▶ **TASK DIRECTIONS**
Each line of the material below is to be written out exactly. Leave out any picture.

▶ **SOURCE INFORMATION**
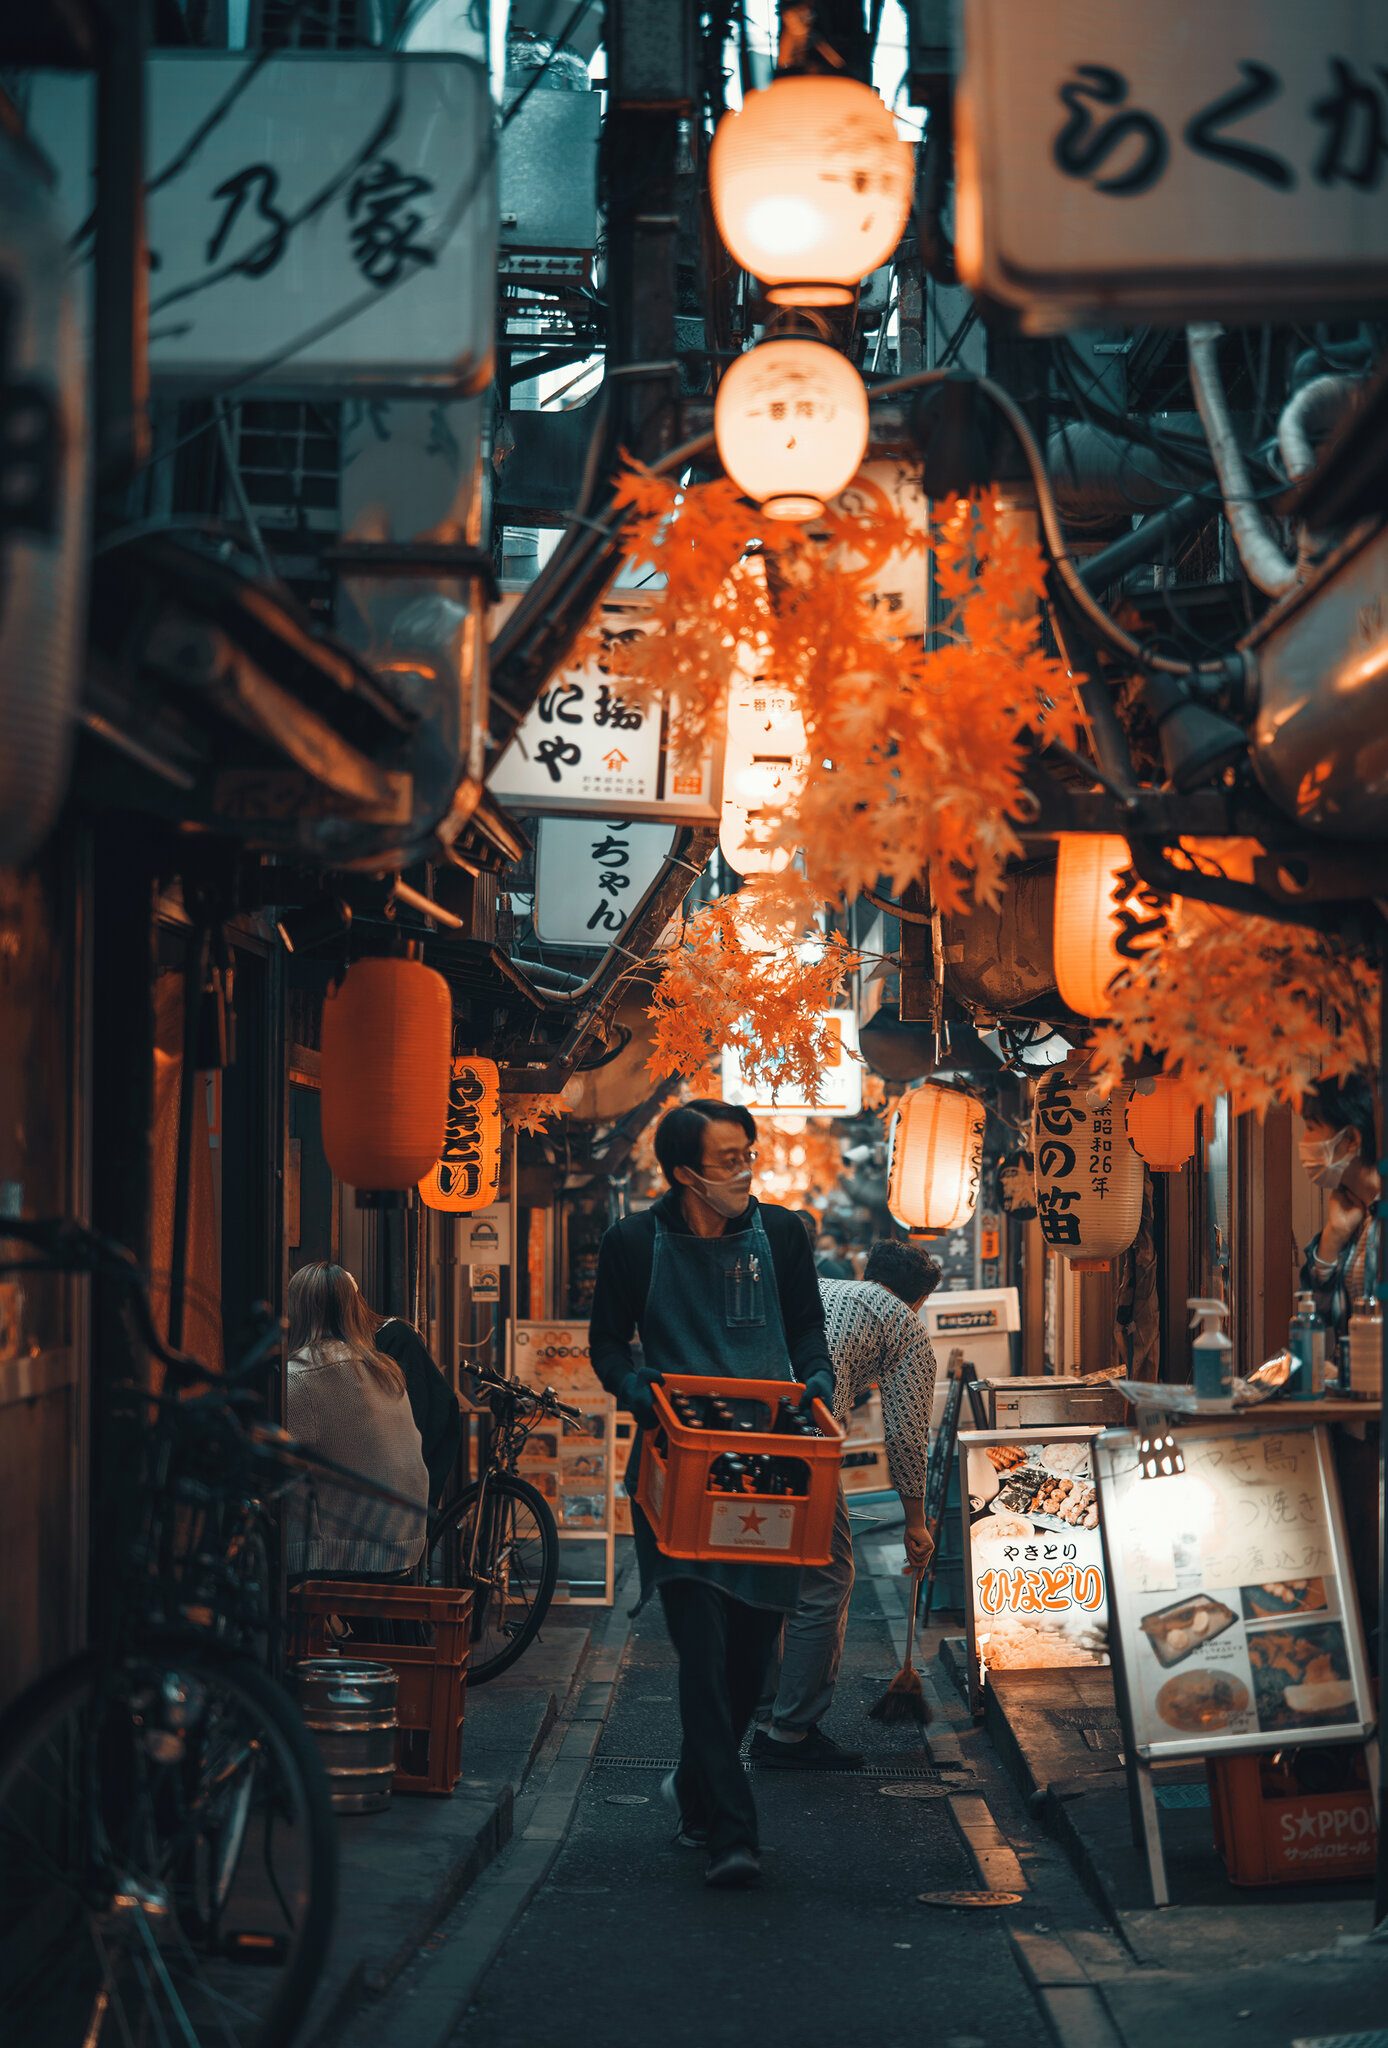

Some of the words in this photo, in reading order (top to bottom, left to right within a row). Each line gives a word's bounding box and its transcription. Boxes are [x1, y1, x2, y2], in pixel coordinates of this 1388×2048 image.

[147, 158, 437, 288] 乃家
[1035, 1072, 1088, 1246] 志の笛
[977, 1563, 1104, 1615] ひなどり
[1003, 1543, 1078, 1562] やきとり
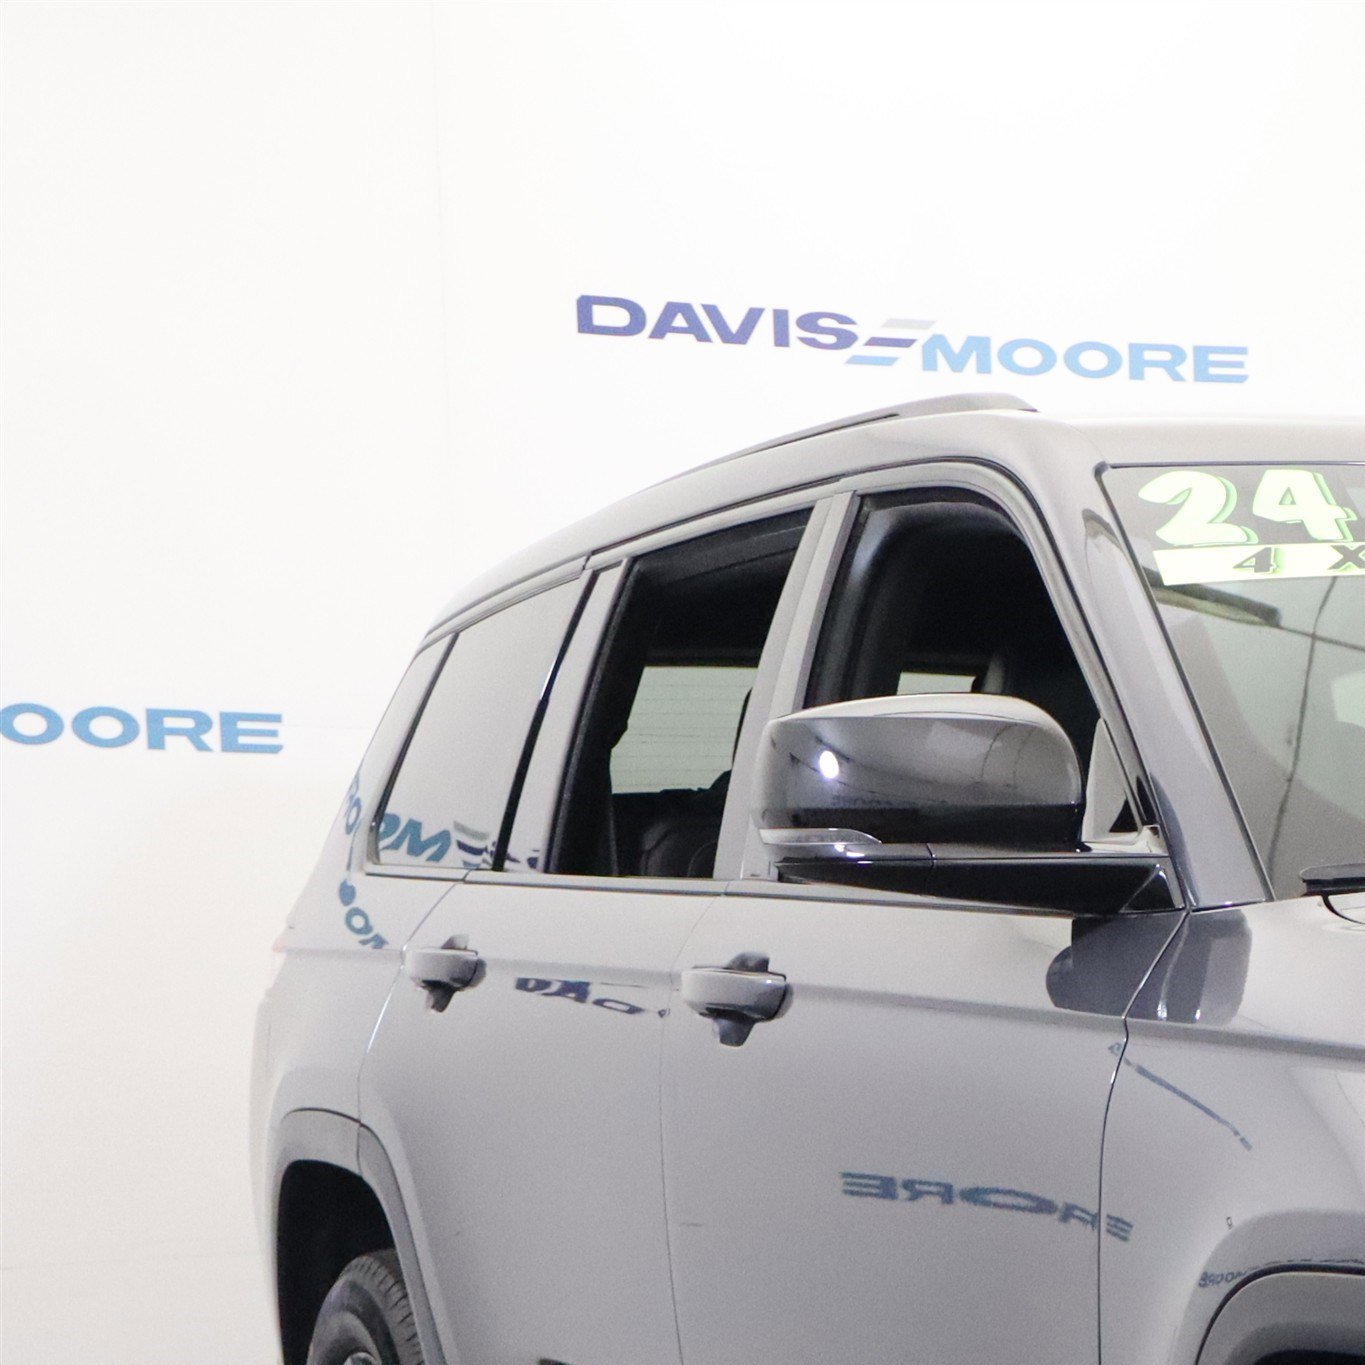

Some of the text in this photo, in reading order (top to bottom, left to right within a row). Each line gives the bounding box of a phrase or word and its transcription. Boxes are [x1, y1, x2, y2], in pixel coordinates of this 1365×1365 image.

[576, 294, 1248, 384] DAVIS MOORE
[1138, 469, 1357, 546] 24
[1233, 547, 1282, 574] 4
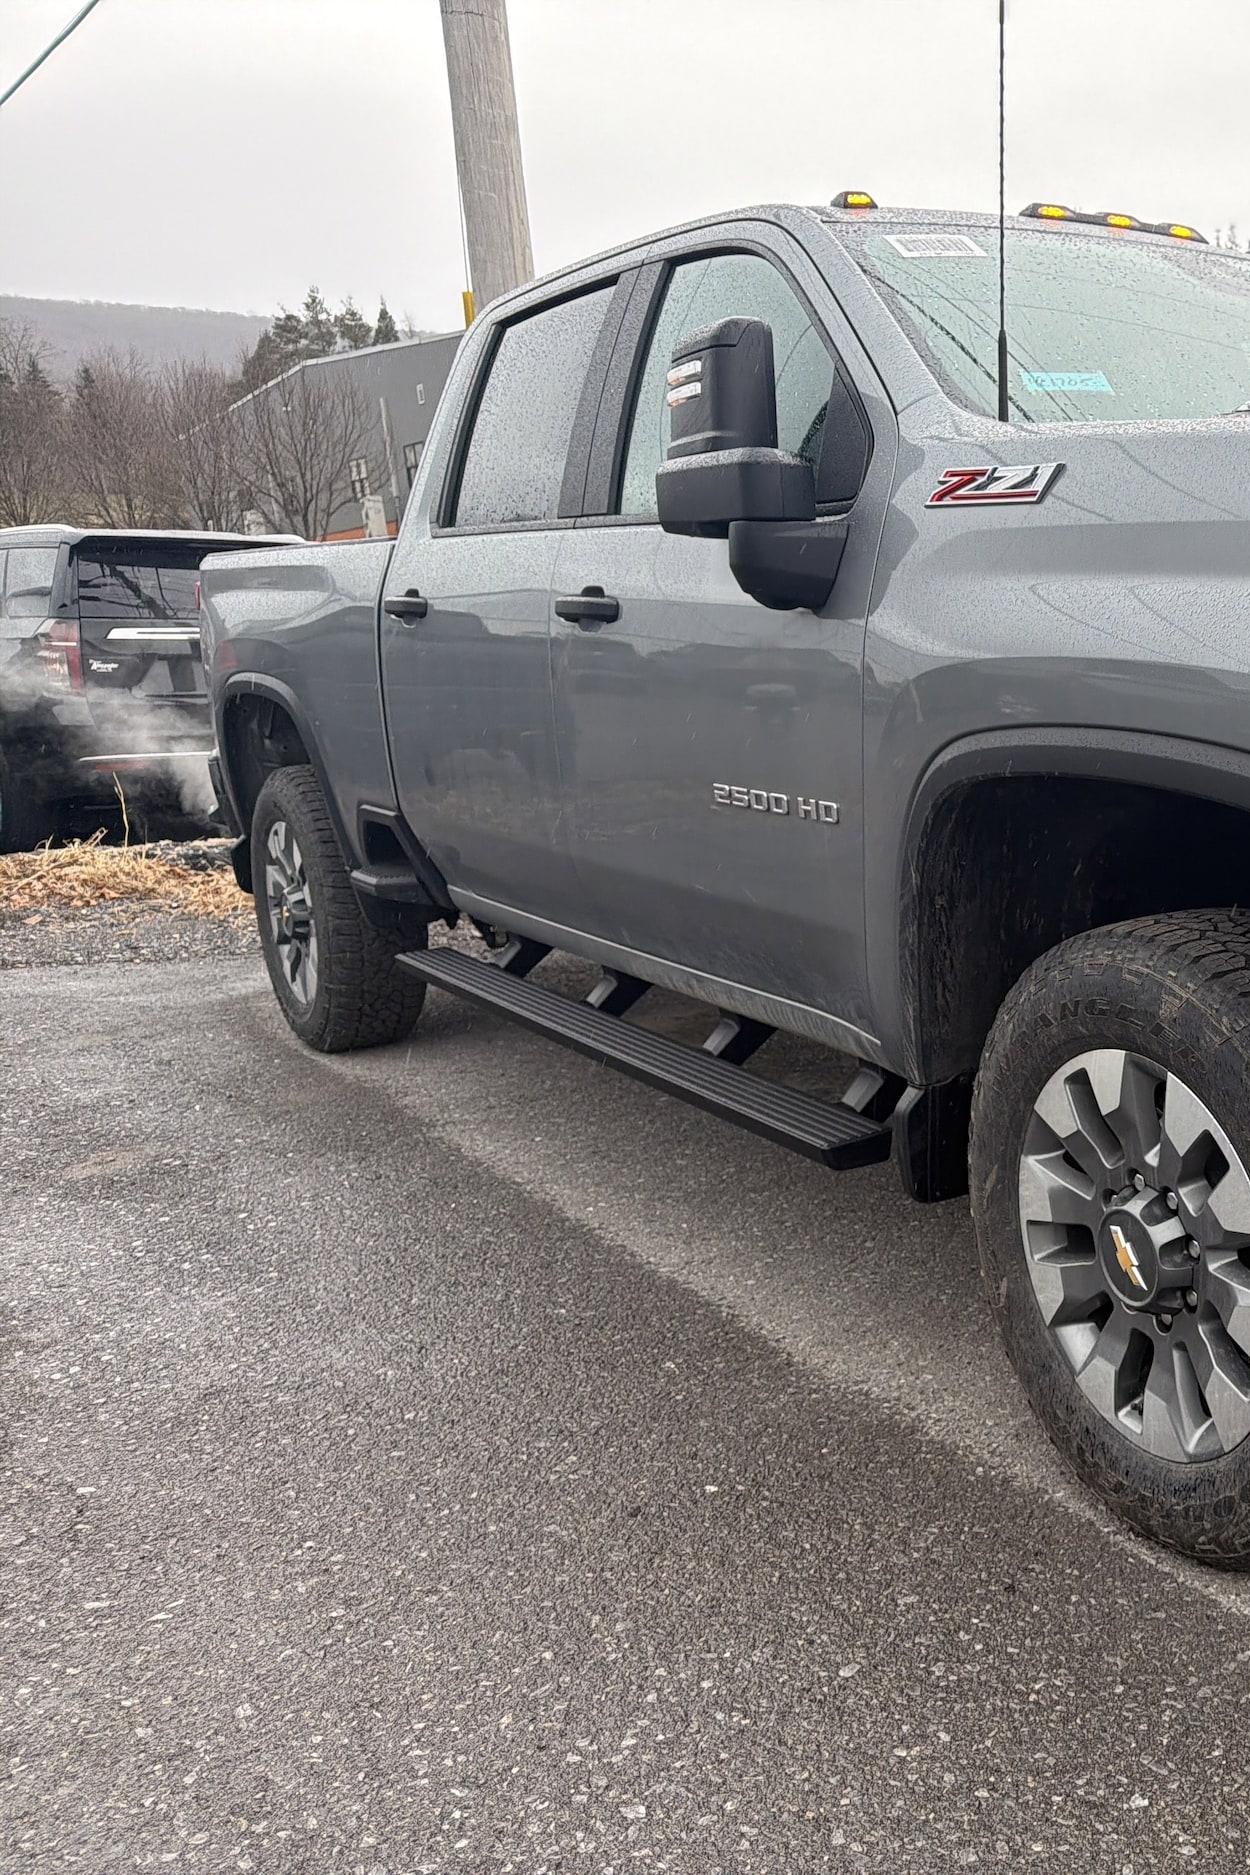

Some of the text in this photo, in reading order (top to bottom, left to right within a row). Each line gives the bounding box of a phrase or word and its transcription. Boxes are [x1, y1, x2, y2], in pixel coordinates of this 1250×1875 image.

▶ **RESULT BELOW**
Some of the words in this photo, in reading order (top to bottom, left to right within a row). Each line gives a word's bounding box and its transcription. Boxes are [x1, y1, x2, y2], in pixel coordinates of this 1388×2048 image.

[147, 158, 437, 288] 乃家
[1035, 1072, 1088, 1246] 志の笛
[977, 1563, 1104, 1615] ひなどり
[1003, 1543, 1078, 1562] やきとり

Some of the text in this photo, in reading order (top to bottom, left to right within a row). Each line gives the bounding box of a phrase or word and its transcription. Boxes are [x1, y1, x2, y2], in pixel coordinates of this 1365×1365 image.

[576, 294, 1248, 384] DAVIS MOORE
[1138, 469, 1357, 546] 24
[1233, 547, 1282, 574] 4

Some of the text in this photo, in reading order (top to bottom, left to right within a row). Each line gives the bounding box of a phrase or word and its transcription. Boxes are [x1, y1, x2, y2], in pixel coordinates of this 1250×1875 image.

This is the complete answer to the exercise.